AI: Corporate Governance – Who’s in Charge?

National Review Online, December 3, 2023

In last week’s Capital Letter, I wrote about the drama at OpenAI, the artificial intelligence company and creator of ChatGPT which has the eventual goal of designing an AGI (artificial general intelligence), an automated system that could reason as well as Homo sapiens, before, presumably, overtaking us all. 

Most companies have (or are meant to have) the primary objective of generating economic return for their shareholders. But shareholders have the right to amend that presumption. OpenAI was originally set up as a non-profit with the overriding objective of ensuring that AGI “benefits all of humanity,” a mission as pretentious as it was (conveniently) subjective. The majority of the board was independent, entrusted with the responsibility of ensuring that the company’s activities did indeed benefit all humanity (whatever that means). In a swipe at the profit motive the founders (many of whom had benefited very handily from the way that it motivates and rewards) was the emphasis put on the fact that “the independent directors do not hold equity in OpenAI.” 
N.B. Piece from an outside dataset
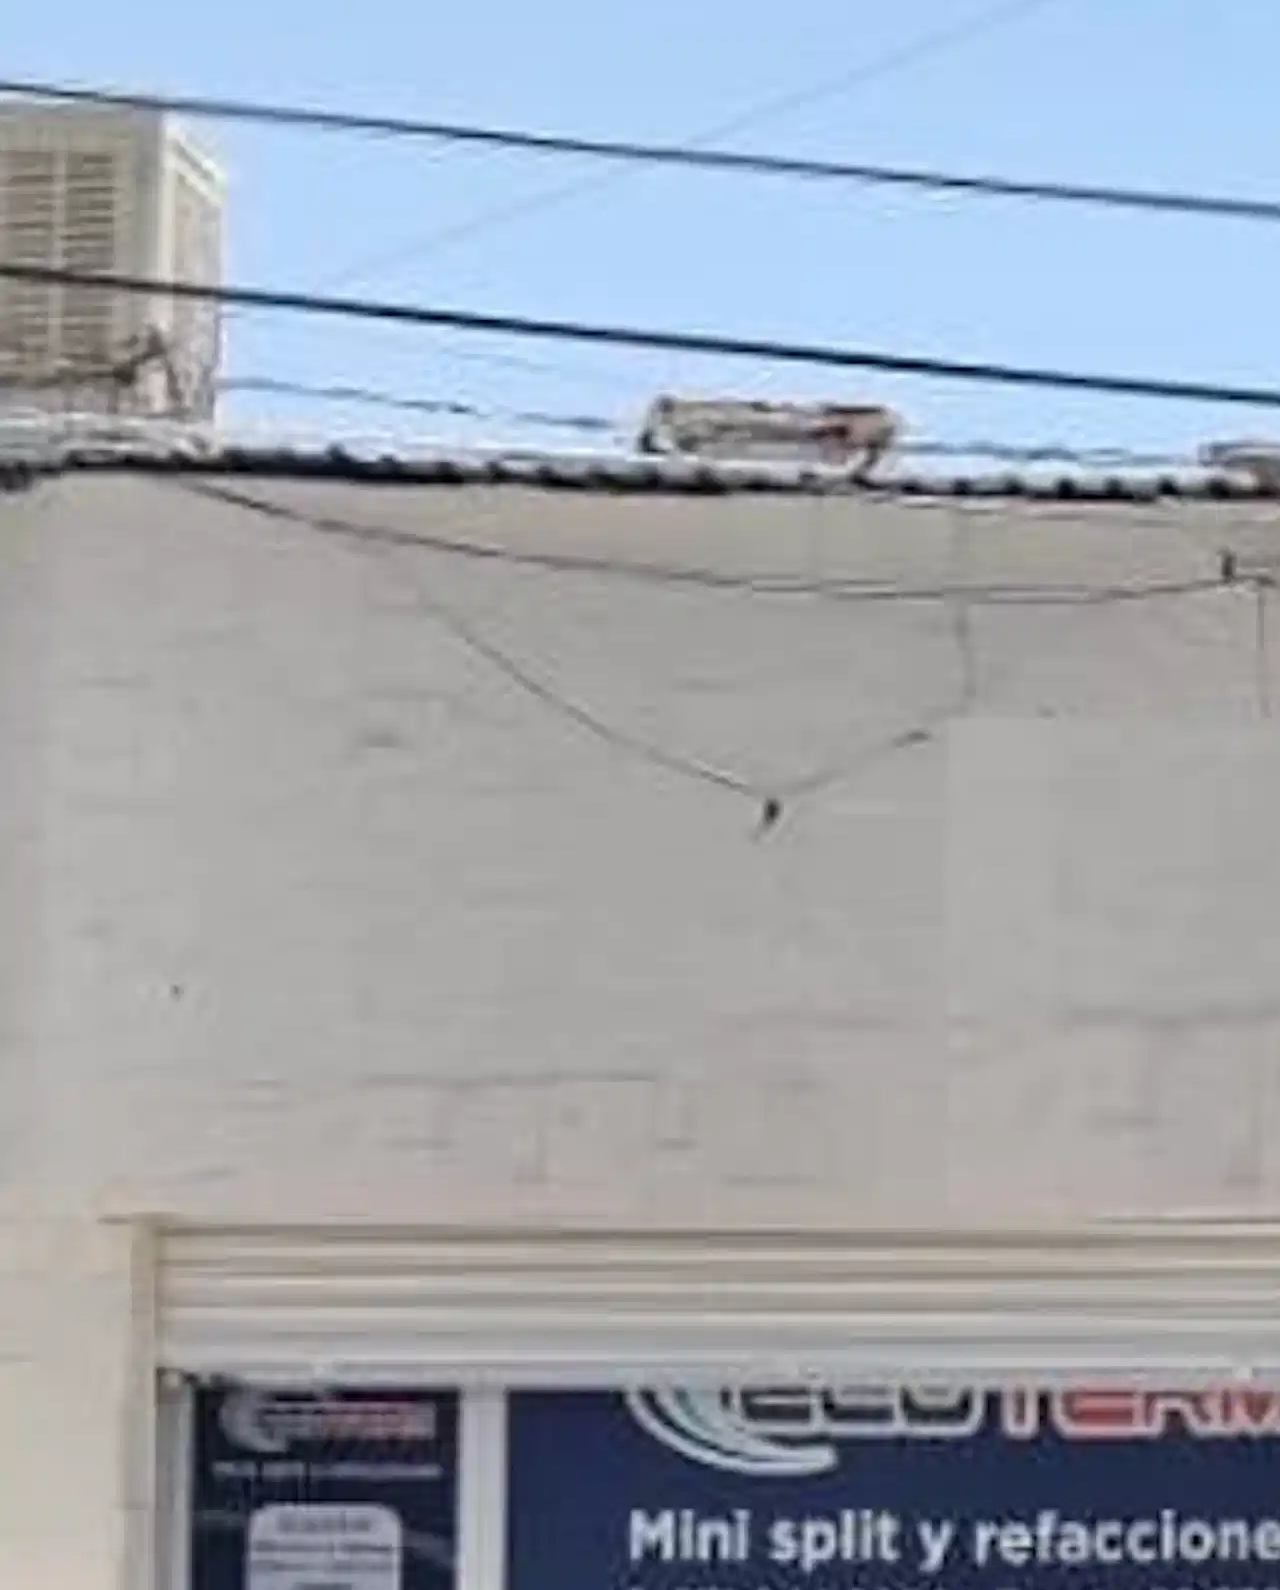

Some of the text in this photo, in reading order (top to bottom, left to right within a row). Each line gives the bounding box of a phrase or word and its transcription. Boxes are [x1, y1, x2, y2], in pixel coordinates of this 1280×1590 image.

[629, 1509, 750, 1561] Mini
[769, 1509, 901, 1574] split
[916, 1520, 956, 1574] y
These arrangements did not change, or at least change enough, after the company added a vehicle to attract the “for profit” investors needed to advance AI. Outperforming clever old humanity wouldn’t come cheap, but the independent directors retained their role as custodians of OpenAI’s conscience. The profits payable out of the new “for profit” vehicle were, as I noted last week, capped.

From Open AI’s website:

The for-profit’s equity structure would have caps that limit the maximum financial returns to investors and employees to incentivize them to research, develop, and deploy AGI in a way that balances commerciality with safety and sustainability, rather than focusing on pure profit-maximization.

This nonsense would generally put off investors focused on economic return, but when mania enters the market, the normal rules are cast aside. As a reminder, I’ll requote the words of veteran investor Vinod Khosla, whose firm invested in OpenAI’s “for profit” model. He had dismissed qualms about Open AI’s structure: “If you’re talking about changing the world, who freaking cares?”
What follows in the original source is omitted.